WHAT IS REQUIRED :: Transcribe the following records exactly, images excluded.
____________
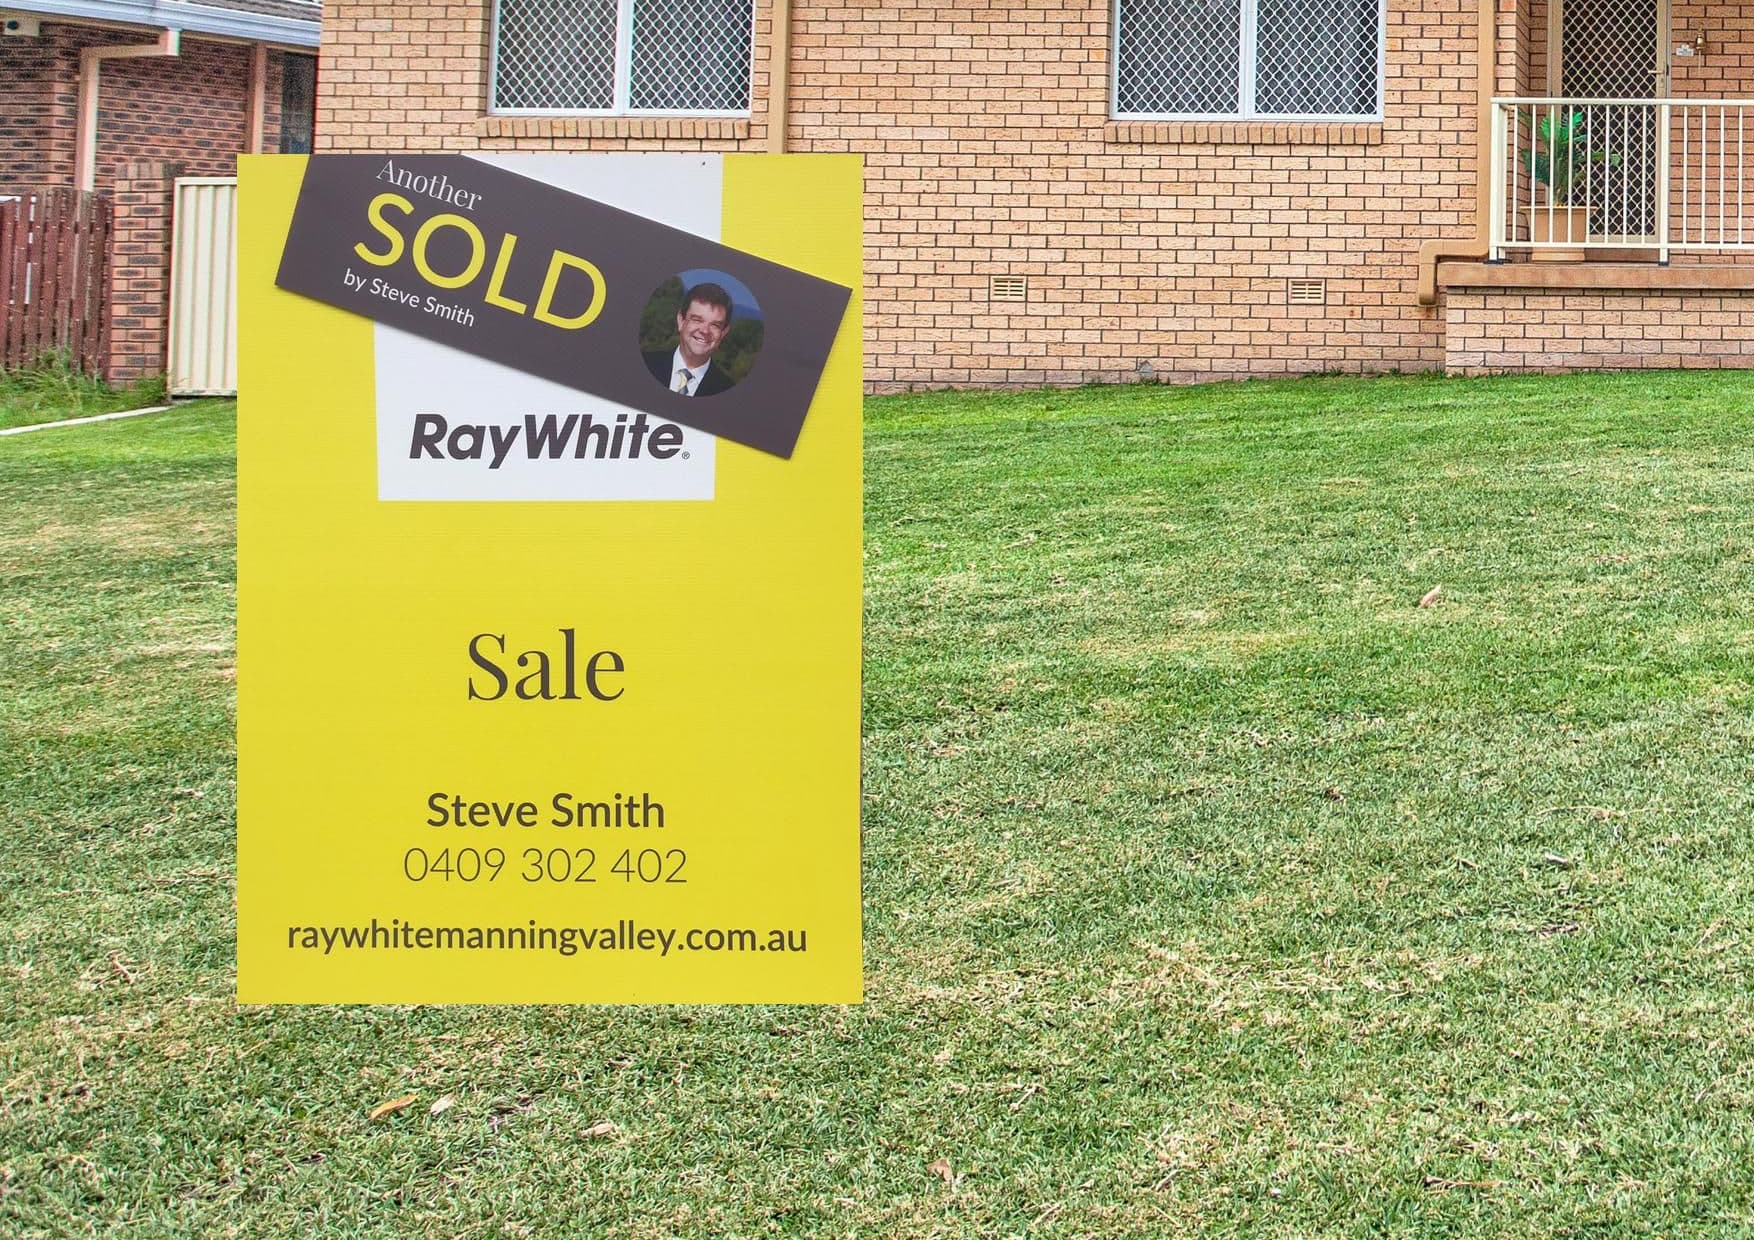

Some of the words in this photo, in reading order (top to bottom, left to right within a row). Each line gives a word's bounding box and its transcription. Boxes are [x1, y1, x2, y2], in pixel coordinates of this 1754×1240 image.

[376, 159, 483, 211] Another
[354, 192, 607, 330] SOLD
[343, 268, 367, 292] by
[370, 278, 420, 308] Steve
[424, 296, 475, 327] Smith
[468, 628, 625, 701] Sale
[426, 792, 538, 828] Steve
[551, 792, 665, 828] Smith
[404, 847, 506, 882] 0409
[521, 847, 597, 883] 302
[610, 848, 688, 884] 402
[288, 918, 807, 957] raywhitemanningvalley.com.au
____________
WRITTEN ANSWER ::
Some of the words in this photo, in reading order (top to bottom, left to right within a row). Each line gives a word's bounding box and its transcription. Boxes are [x1, y1, x2, y2], in pixel coordinates of this 1754×1240 image.

[376, 159, 483, 211] Another
[354, 192, 607, 330] SOLD
[343, 268, 367, 292] by
[370, 278, 420, 308] Steve
[424, 296, 475, 327] Smith
[468, 628, 625, 701] Sale
[426, 792, 538, 828] Steve
[551, 792, 665, 828] Smith
[404, 847, 506, 882] 0409
[521, 847, 597, 883] 302
[610, 848, 688, 884] 402
[288, 918, 807, 957] raywhitemanningvalley.com.au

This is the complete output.